By this, I mean that when large collections of objects are stored in an OODB, they will be efficiently accessed via Squeak without having to, necessarily, load the entire collection in memory.
One example of these are, as were recommended earlier to me, the BTree classes by Avi. However, looking at Magma, I see it does have some support for large collections. Also, OmniBase has some collection classes of its own.
But, questions like: at which point does it become important to consider optimized collections? or is it safe to use Dictionaries or is there a more efficient collection? I don't know. Just looking for general advise on proper usability of collection classes and their persistency (sorry for being so vague).
Thanks, Daniel
Daniel Salama wrote:
I'm wondering if anyone can shed some light as to which of the standard collection classes are "OODB safe"?
By this, I mean that when large collections of objects are stored in an OODB, they will be efficiently accessed via Squeak without having to, necessarily, load the entire collection in memory.
One example of these are, as were recommended earlier to me, the BTree classes by Avi. However, looking at Magma, I see it does have some support for large collections. Also, OmniBase has some collection classes of its own.
But, questions like: at which point does it become important to consider optimized collections? or is it safe to use Dictionaries or is there a more efficient collection? I don't know. Just looking for general advise on proper usability of collection classes and their persistency (sorry for being so vague).
As soon as performance laggs ;-) Personally I use BTree's and TreeSet's w/ GOODS in many places. Generally any collection that grows over a couple hundred elements. They have a huge impact on things like "user lists" which are searched quite often. Using a Dictionary for persistence hasn't worked well for me in these cases.
David
David,
It seems you have some experience with GOODS. Can you shed some information regarding your experience with it, primarily in terms of performance. All the tests I've run so far indicate to me that performance of GOODS leaves a lot to be desired. However, because of architectural reasons, I find GOODS to be a valuable OODB.
Thanks, Daniel
On Apr 12, 2005, at 6:43 PM, David Shaffer wrote:
As soon as performance laggs ;-) Personally I use BTree's and TreeSet's w/ GOODS in many places. Generally any collection that grows over a couple hundred elements. They have a huge impact on things like "user lists" which are searched quite often. Using a Dictionary for persistence hasn't worked well for me in these cases.
David
Daniel Salama wrote:
David,
It seems you have some experience with GOODS. Can you shed some information regarding your experience with it, primarily in terms of performance. All the tests I've run so far indicate to me that performance of GOODS leaves a lot to be desired. However, because of architectural reasons, I find GOODS to be a valuable OODB.
Thanks, Daniel
Your last two sentences sum it up. I'm unwilling to choose a DB based on performance alone until I'm sure that performance is a problem. I run several Seaside+GOODS based applications for internal use by a small-ish company. I don't have detailed stats but I see peak rates of roughly 2-3 requests per second and about 30 concurrent users (whose chores vary widely). Seaside+GOODS remains responsive during these peak times. I had to add a background session reaper to avoid long pauses when users first accessed the app -- look for my code posted on the Seaside list.

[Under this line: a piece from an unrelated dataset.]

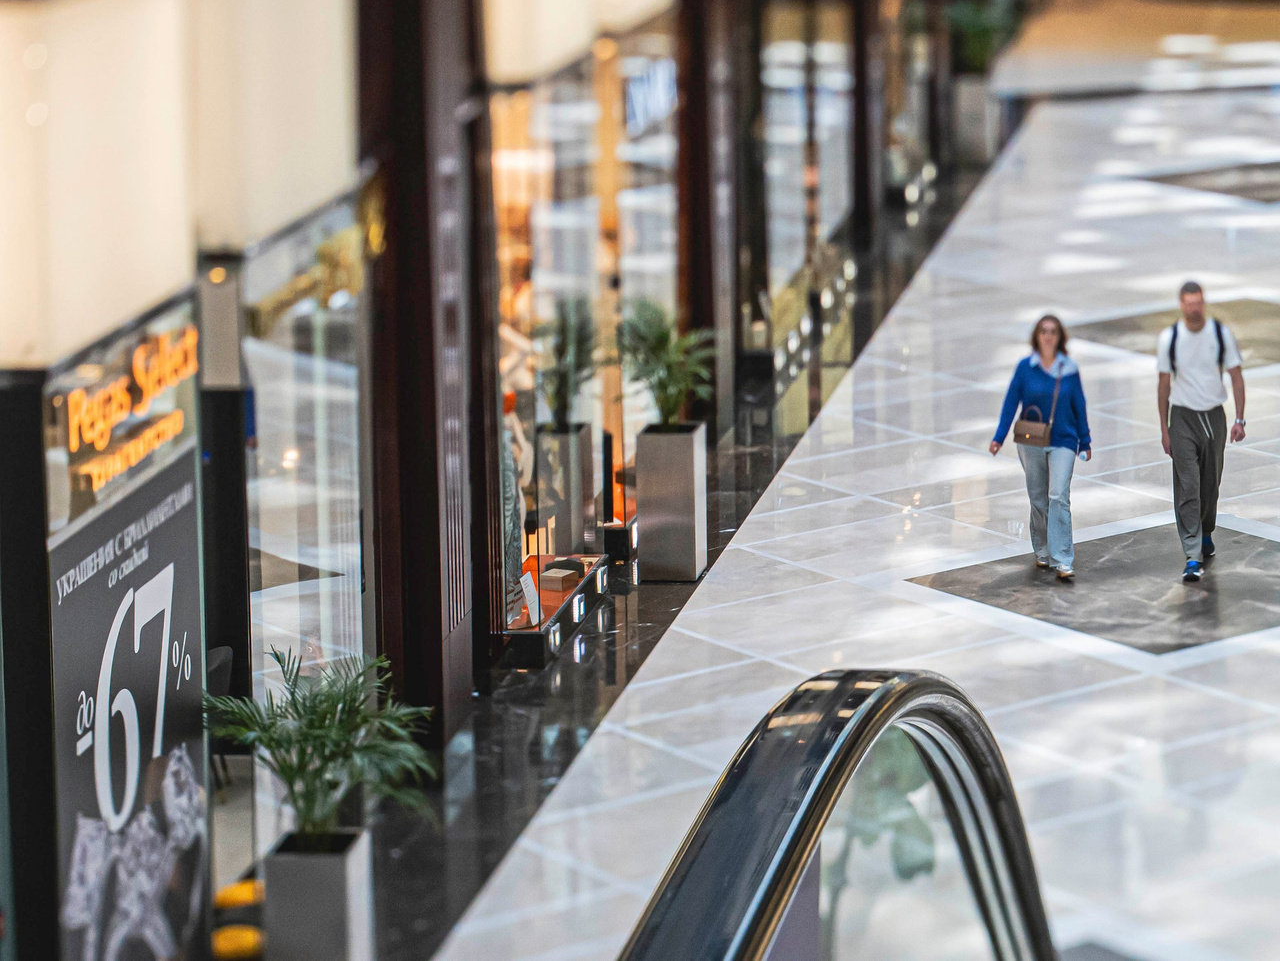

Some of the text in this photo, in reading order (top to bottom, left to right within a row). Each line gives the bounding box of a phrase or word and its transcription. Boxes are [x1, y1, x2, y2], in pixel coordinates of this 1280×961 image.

In this middle of writing this I see you responded to my post on the other thread. Rather than continuing these discussions separately I hope you don't mind if I merge them since your use cases are beginning to become concrete.
I do need to generate these primary keys (e.g. assign a customer number or an invoice number, etc). Any reference to such suggestions to more efficiently generate primary keys would be greatly appreciated.
If you need sequential numbers, cache them in a class var in the image. If you have multiple Squeak images generating customers there are several strategies you could use: 1) cache small ranges through a reservation system (each image reserves a subrange of the primary keys requiring a DB transaction only to reserve the next range or give up unused reserved values), 2) one image serves as a "customer number server" and the other images communicate with it through a socket (you can get rid of the overhead of GOODS this way). Oracle has an option to use the first strategy...otherwise sequence number generation requires a DB round trip. The first option has the distinct disadvantage of having possible holes (unused #'s) or non-time sequential numbering. This doesn't work for invoicing, for example, but might be fine for customer numbers. Finally, if you don't need numbers (or sequential numbers) then use UUID's. Cees has already mentioned this.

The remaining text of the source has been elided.